Prizewinning St Andrews' Scattered Light Integrated Collector slashes bacterial resistance review from days to minutes.

Medical scientists at the University of St Andrews have won a prestigious international award for a photonics-based breakthrough that they say could help the fight against antibiotic resistance. The UN has identified the growth of antibiotics-resistant bacteria as “a major threat to global health”

The Orbital Diagnostics team at St Andrews have developed an optical device called the Scattered Light Integrated Collector (“SLIC”) to reduce the time taken to test bacteria for resistance. Current testing methods often take 24 hours to produce a result, but the SLIC team can produce a similar result in around 20 minutes.

The new tool aims to help patients receive the necessary treatment more accurately and more often. This will reduce risk of antibiotic resistance by helping ensure bacteria are not exposed to random antibiotics unnecessarily.

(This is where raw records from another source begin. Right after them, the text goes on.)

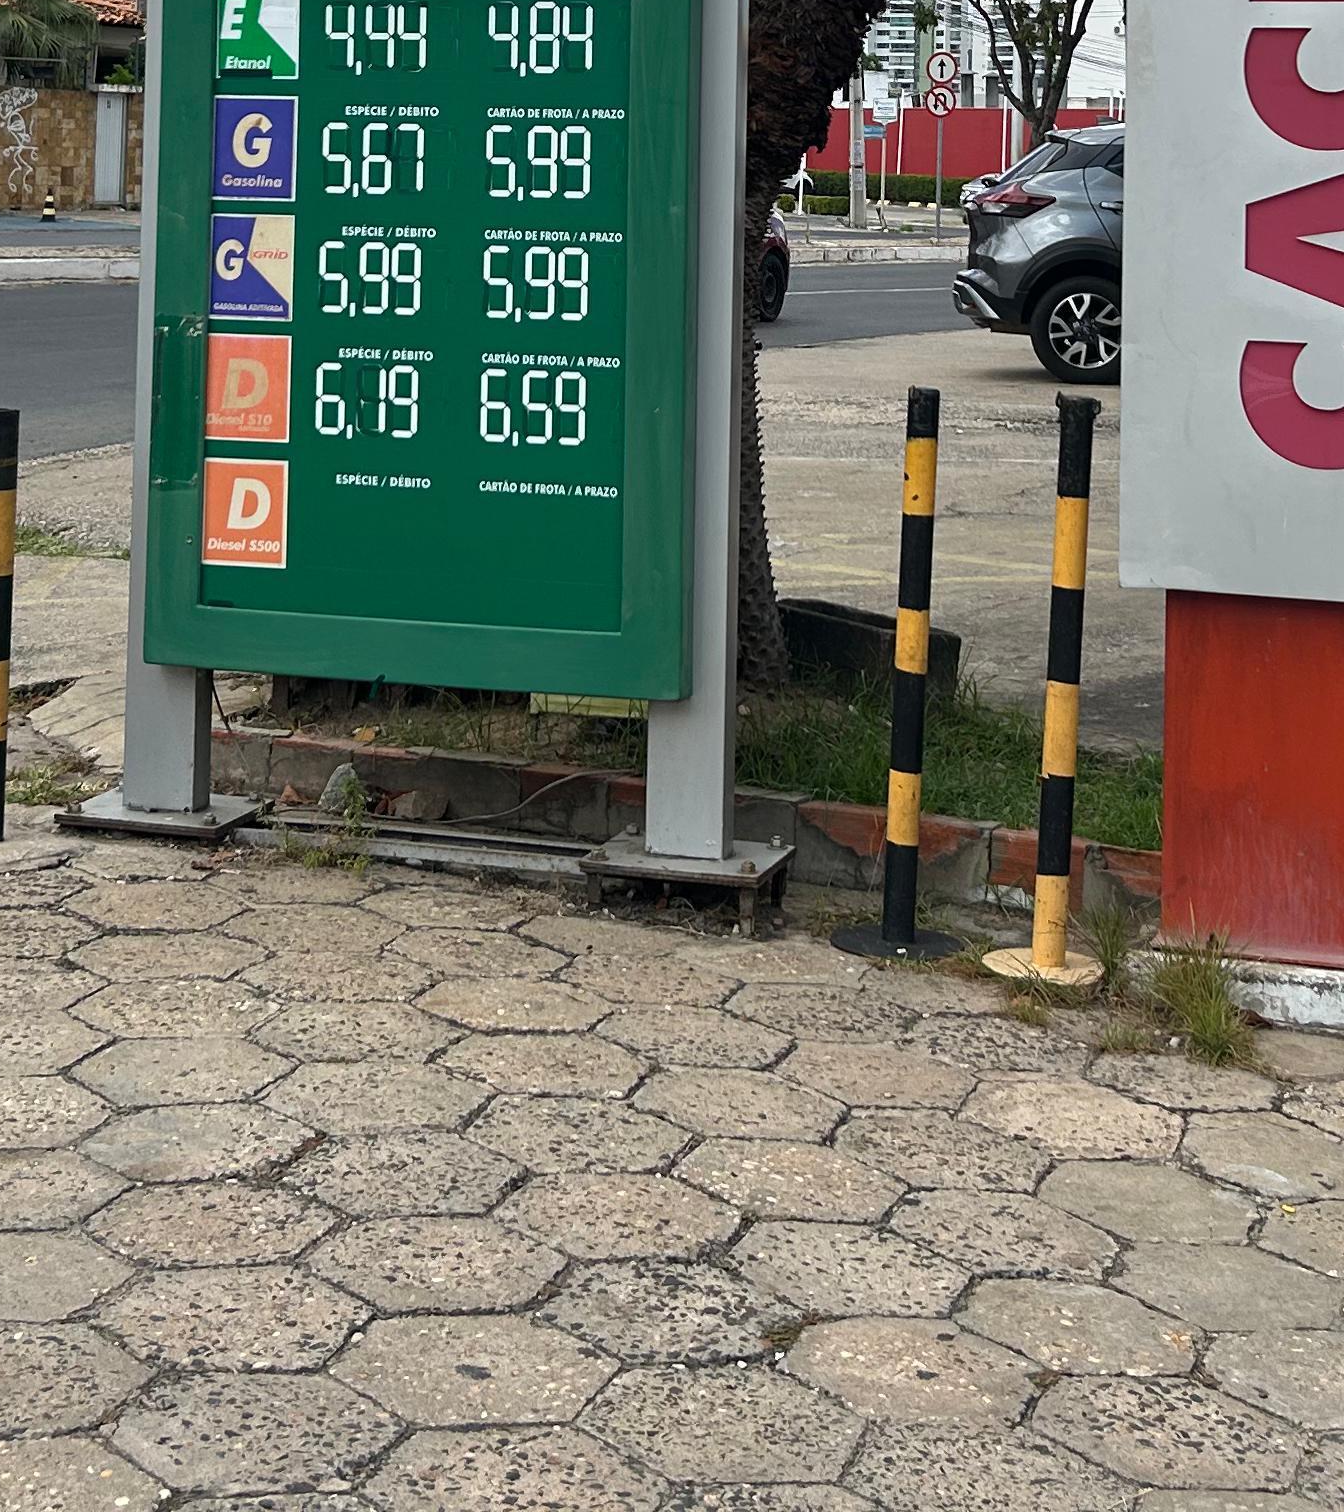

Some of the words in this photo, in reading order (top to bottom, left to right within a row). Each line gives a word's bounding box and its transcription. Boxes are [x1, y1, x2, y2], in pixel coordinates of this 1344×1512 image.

[325, 4, 427, 76] 4,44
[488, 1, 594, 77] 4,84
[225, 55, 271, 70] Etanol
[345, 104, 388, 116] ESPÉCIE
[398, 104, 440, 117] DÉBITO
[487, 106, 525, 118] CARTÃO
[528, 108, 539, 118] DE
[543, 109, 574, 119] FROTA
[582, 109, 589, 119] A
[592, 109, 625, 119] PRAZO
[232, 112, 273, 168] G
[322, 122, 425, 198] 5,67
[486, 124, 591, 202] 5,99
[221, 174, 283, 188] Gasolina
[342, 224, 385, 237] ESPÉCIE
[395, 225, 436, 238] DÉBITO
[484, 228, 523, 241] CARTÃO
[525, 230, 537, 241] DE
[540, 231, 571, 241] FROTA
[579, 232, 587, 242] A
[590, 232, 623, 243] PRAZO
[215, 238, 245, 281] G
[318, 241, 422, 318] 5,99
[483, 245, 589, 323] 5,99
[338, 346, 381, 360] ESPÉCIE
[392, 348, 434, 361] DÉBITO
[481, 352, 520, 364] CARTÃO
[522, 355, 535, 365] DE
[537, 355, 568, 366] FROTA
[577, 356, 585, 367] A
[587, 356, 620, 368] PRAZO
[221, 357, 269, 409] D
[315, 362, 419, 440] 6,19
[480, 368, 586, 447] 6,59
[206, 413, 244, 425] Diesel
[248, 414, 272, 425] S10
[335, 473, 378, 486] ESPÉCIE
[389, 474, 431, 489] DÉBITO
[479, 480, 517, 493] CARTÃO
[519, 483, 532, 493] DE
[535, 483, 565, 495] FROTA
[574, 485, 582, 496] A
[585, 486, 618, 498] PRAZO
[226, 477, 272, 529] D
[207, 537, 245, 551] Diesel
[249, 539, 280, 553] S500

At an award ceremony held in November, at the Royal Society in London, members of the St Andrews team were presented with a prestigious Longitude Prize Discovery Award.

The prize – described as a “small seed grant” – will help the team develop a device that can challenge for the coveted Longitude Prize, a challenge with a £10 million prize fund to reward a point of care diagnostic test that helps solve the global problem of bacterial antibiotic resistance.

'Highly sensitive'

Team leader Professor Stephen Gillespie, the Sir James Black Professor of Medicine at St Andrews, said, “Our very sensitive device detects bacteria in very small numbers. This means when they grow in the presence of antibiotics, we can observe that quickly. Conventional tests take up to 24 hours – but for some bugs we can now do the same job in less than 20 minutes.

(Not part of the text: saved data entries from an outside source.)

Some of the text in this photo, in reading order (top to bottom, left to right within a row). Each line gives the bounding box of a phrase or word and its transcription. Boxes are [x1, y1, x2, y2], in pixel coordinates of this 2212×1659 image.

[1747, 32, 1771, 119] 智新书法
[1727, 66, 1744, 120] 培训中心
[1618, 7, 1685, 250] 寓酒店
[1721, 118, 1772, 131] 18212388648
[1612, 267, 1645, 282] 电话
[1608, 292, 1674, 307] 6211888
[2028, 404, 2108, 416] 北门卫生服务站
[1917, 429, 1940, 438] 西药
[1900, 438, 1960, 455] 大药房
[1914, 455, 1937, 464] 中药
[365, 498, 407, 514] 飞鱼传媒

“At the moment this promising test can only be used in the laboratory; the challenge is to turn it into a test that coul be used in a doctor’s surgery or a pharmacy.”

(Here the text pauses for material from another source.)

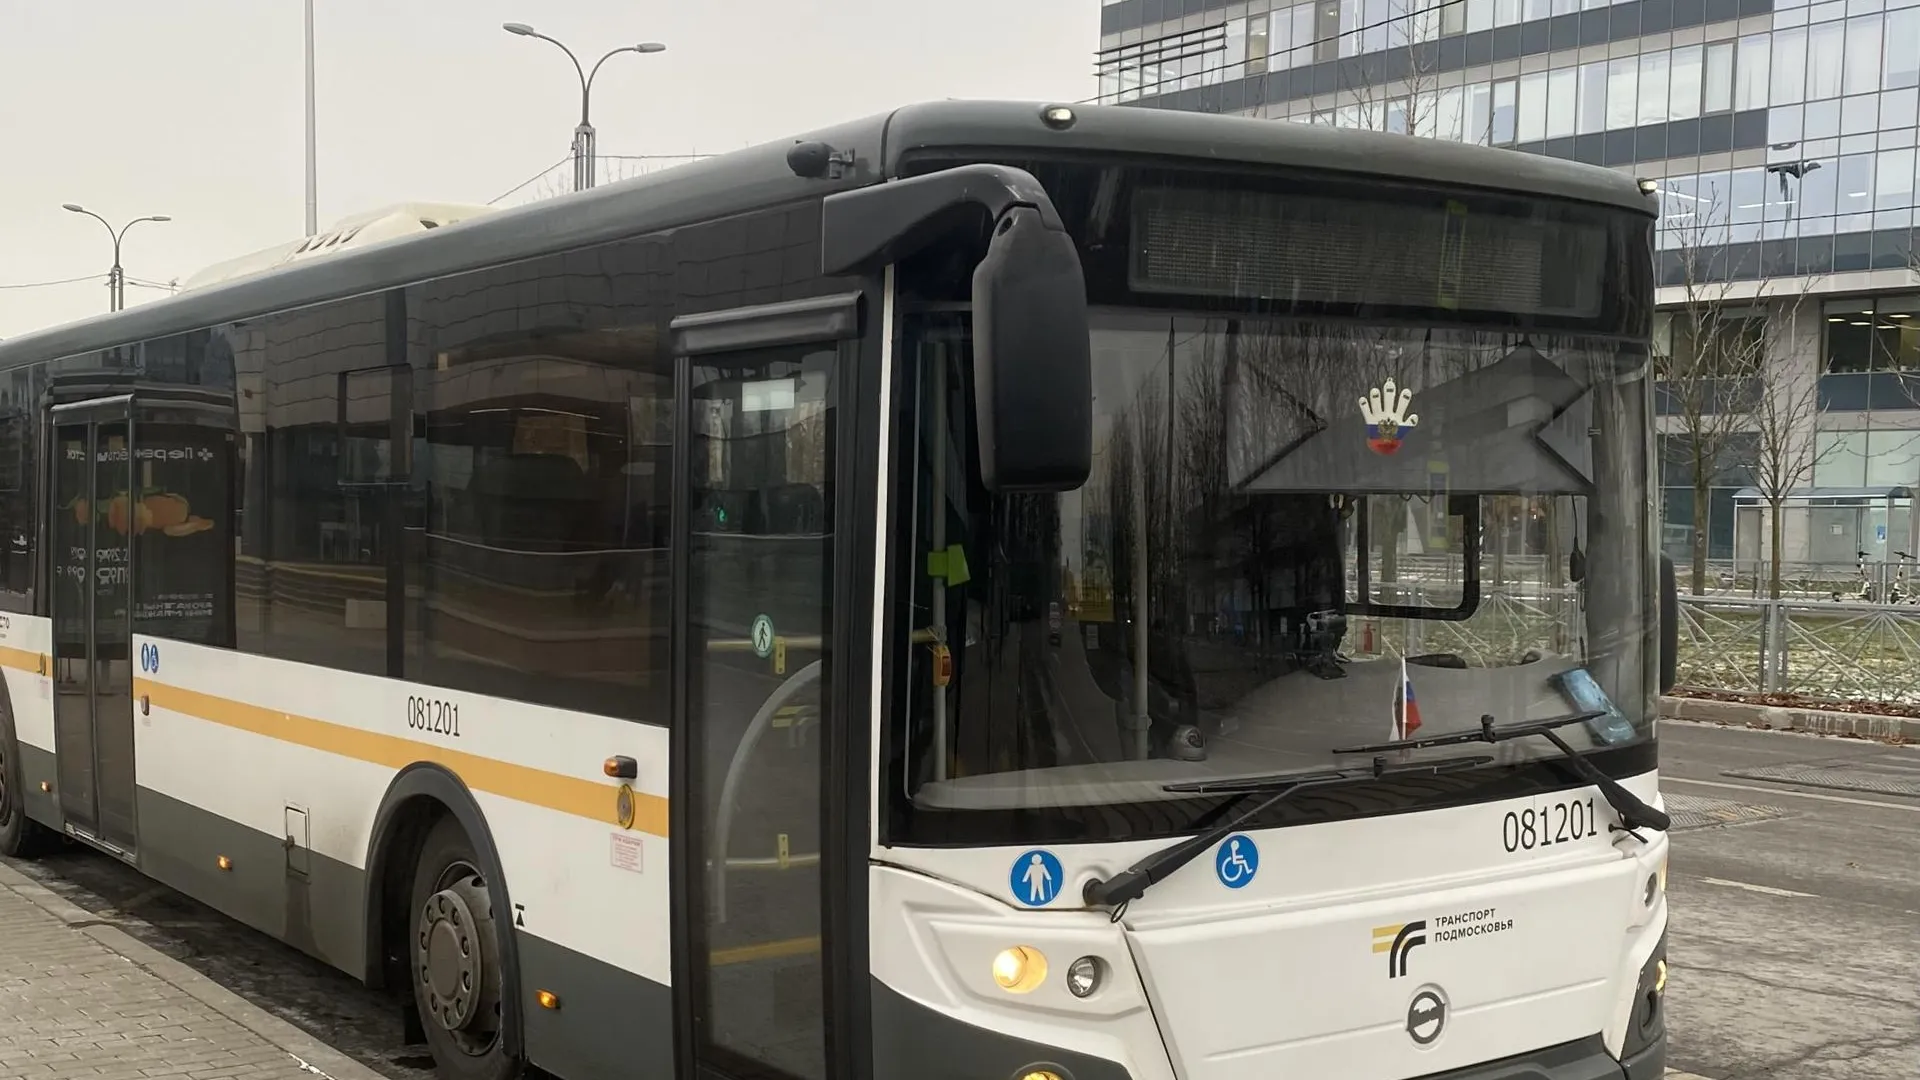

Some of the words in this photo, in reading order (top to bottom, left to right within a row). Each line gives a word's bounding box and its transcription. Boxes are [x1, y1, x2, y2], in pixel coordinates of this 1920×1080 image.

[407, 695, 460, 737] 081201
[1503, 797, 1597, 852] 081201
[1434, 919, 1513, 943] ПОДМОСКОВЬЯ
[1435, 907, 1496, 928] ТРАНСПОРТ

Dr Robert Hammond, co-inventor and senior scientist, said, “We aim to develop SLIC to enable a person with a suspected urinary tract infection, for example, to give a sample to a practice nurse or pharmacist – then within two hours be given an antibiotic prescription knowing that the infecting bacteria are susceptible. This will be faster and better for the individual. It will mean that fewer unnecessary prescriptions will be issued, reducing chances that bugs will develop resistance.”

The Orbital Diagnostics team is also supported by Scottish Enterprise, which contains to form a company that will take the SLIC device to market.

Eleanor Mitchell, High Growth Ventures Director at Scottish Enterprise, said, “This Longitude Prize Discovery award is fantastic recognition of Orbital Diagnostics’ progress in developing the SLIC, which has significant global market potential. Scottish Enterprise is delighted to be supporting the team to commercialize this emerging technology which exemplifies the strength of innovation in Scotland’s healthcare sector.”

Professor Stephen Gillespie leads the infection group at the University of St Andrews. A practising clinical microbiologist, he is one of the Chief Investigators of the PanACEA consortium, focusing on various aspects of tuberculosis drug development. His infection group studies molecular mechanisms of resistance and model systems to measure the fitness deficits found in resistant strains and investigates respiratory pathogens.